I’ve been thinking about Christmas and sadness lately, in the face of C’s apparently pure childlike joy in the preparation, all the small rituals of the season, shopping, wrapping, decorating. I’m letting myself enjoy it, too, more and more, despite whatever reservations I have had, which all sort of pool around consumption, consumerism, and Christianists (all those hard C’s).

My favorite Christmas songs are the sad ones. That doesn’t necessarily mean much because my favorite songs of any kind are the sad ones. But there’s so much about Christmas that is sad: longing to be with distant loved ones, missing those who’ve died (and, statistically speaking, likely died at Christmastime), our fixation on the needy. Somehow the poor are more innocent this time of year.

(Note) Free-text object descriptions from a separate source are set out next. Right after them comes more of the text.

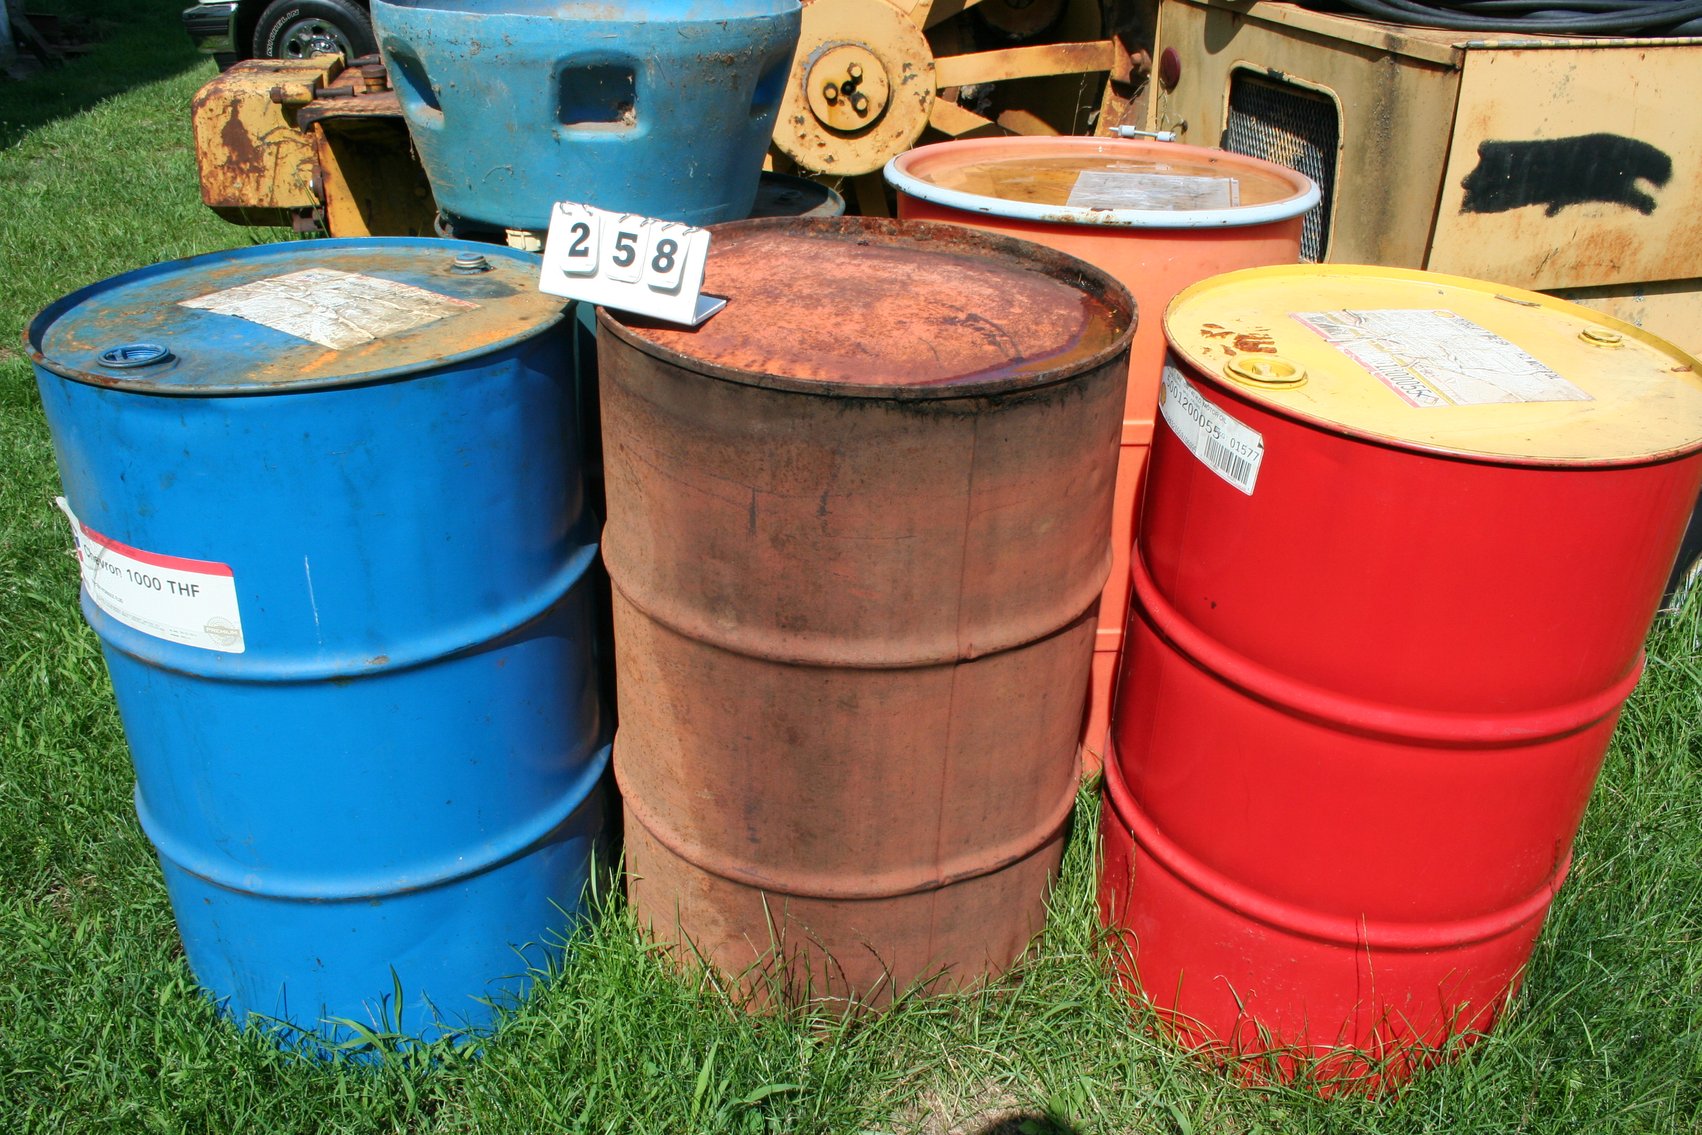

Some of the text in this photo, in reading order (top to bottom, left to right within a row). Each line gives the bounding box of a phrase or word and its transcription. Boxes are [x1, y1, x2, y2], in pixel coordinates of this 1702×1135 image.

[266, 8, 300, 57] MICHELIN
[1230, 437, 1260, 462] 01577
[126, 568, 162, 592] 1000
[167, 580, 200, 598] THF
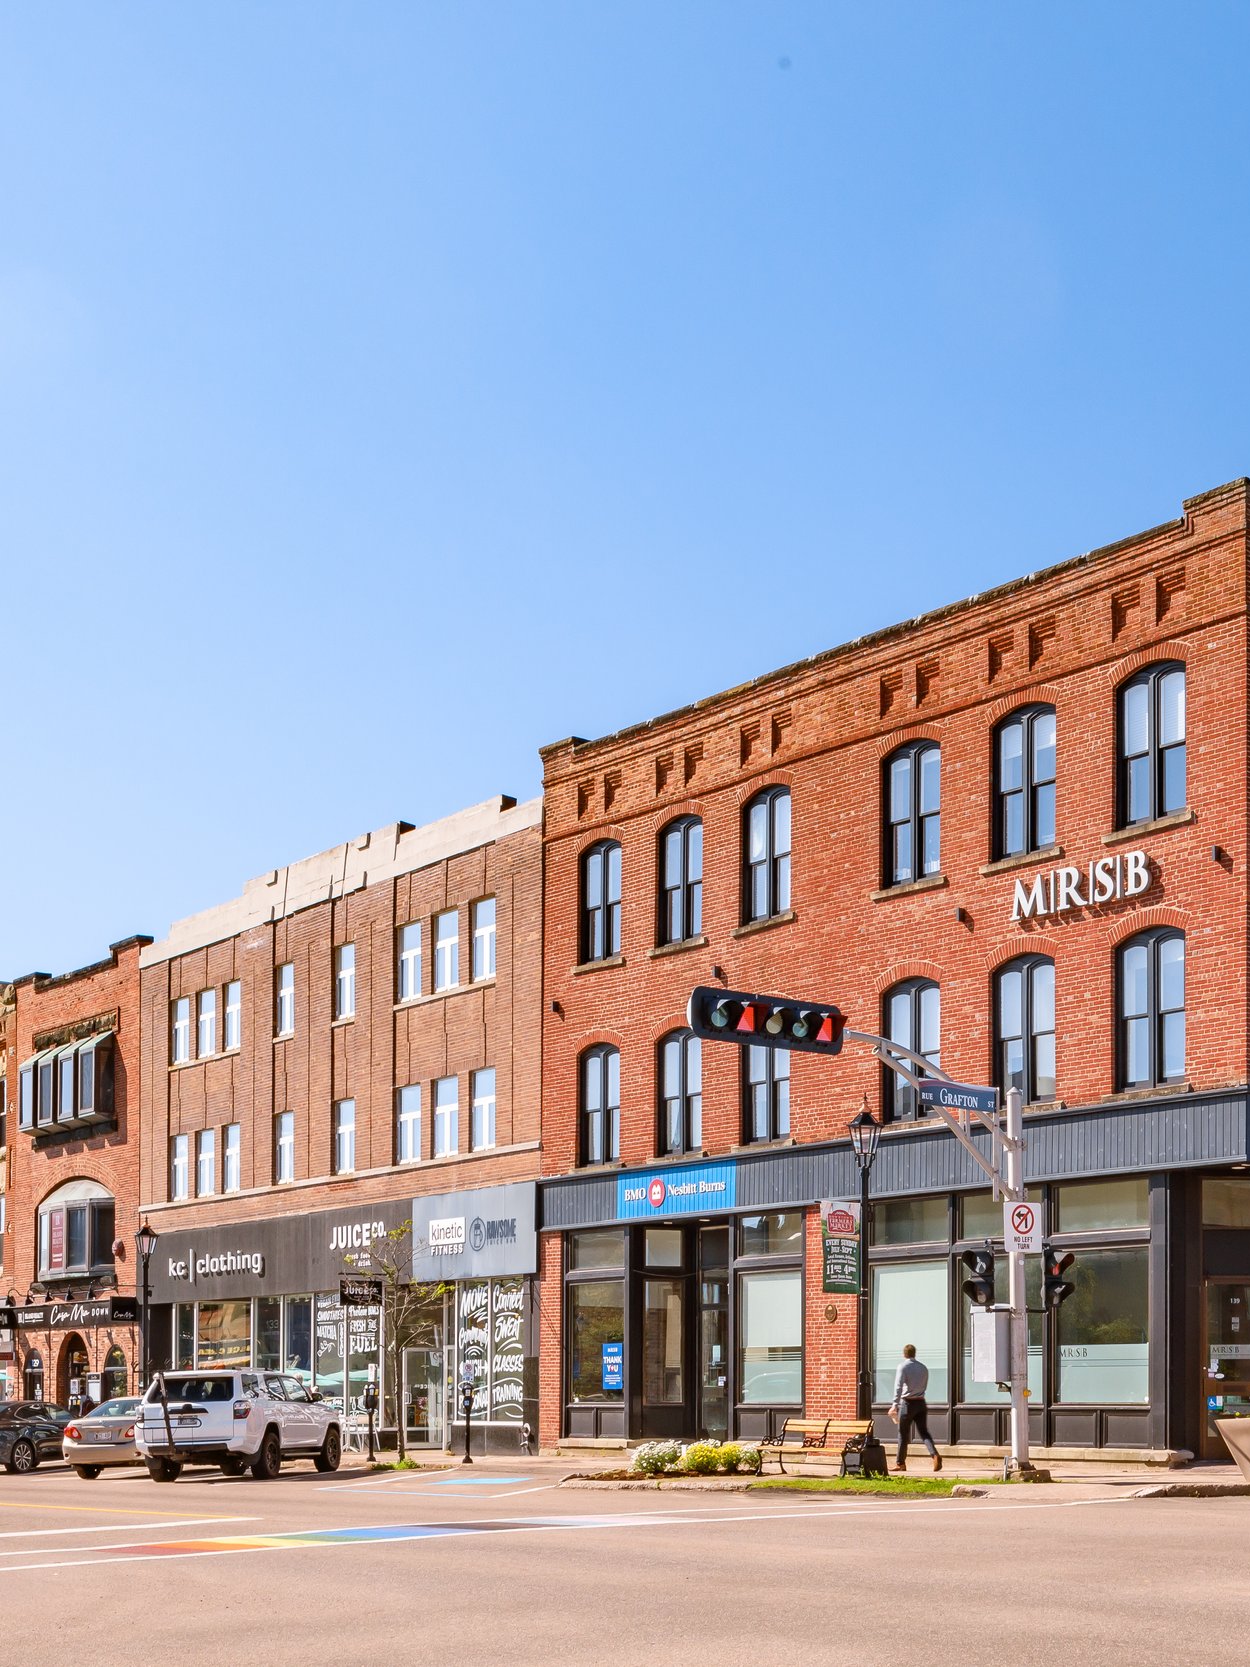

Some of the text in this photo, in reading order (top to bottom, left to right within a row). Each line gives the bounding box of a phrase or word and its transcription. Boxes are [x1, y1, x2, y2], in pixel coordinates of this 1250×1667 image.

[921, 1088, 994, 1108] RUE GRAFTON ST
[625, 1181, 726, 1201] BMO Nesbitt Burns
[329, 1221, 387, 1250] JUICE CO.
[431, 1222, 463, 1241] kinetic
[486, 1218, 517, 1240] RAWSOME
[431, 1243, 463, 1256] FITNESS
[168, 1249, 262, 1277] kc clothing
[343, 1284, 369, 1295] JUICE
[460, 1285, 488, 1318] MOVE
[50, 1305, 70, 1325] Casa
[69, 1304, 90, 1323] Mia
[317, 1309, 344, 1322] SMOOTHIES
[316, 1325, 337, 1341] MATCHA
[349, 1319, 366, 1333] FRESH
[494, 1317, 524, 1343] SWEAT
[349, 1334, 378, 1355] FUEL
[1212, 1346, 1240, 1354] MRSB
[492, 1354, 524, 1374] CLASSES
[602, 1356, 622, 1364] THANK
[492, 1383, 524, 1404] TRAINING

And then I heard this song that a friend posted on facebook this morning – by Tracey Thorn, who for decades has been writing so beautifully and simply about our messy complicated adult emotional lives – and my thoughts crystalized in a way that a great song can make your thoughts crystalize (in fact, come to think of it, maybe that’s actually the whole purpose of a song, hm…).

Christmas doesn’t work without the sadness. Sadness is the background. The winter holiday (which, sorry, predates the perfectly illustrative and beautiful story of the birth of Christ) is a ritual of hope that joy survives sadness. And has no meaning without sadness. I guess everybody but me already knew this.

No matter how bad things may get, there’s a moment when it stops getting worse and starts to get better. The world turns.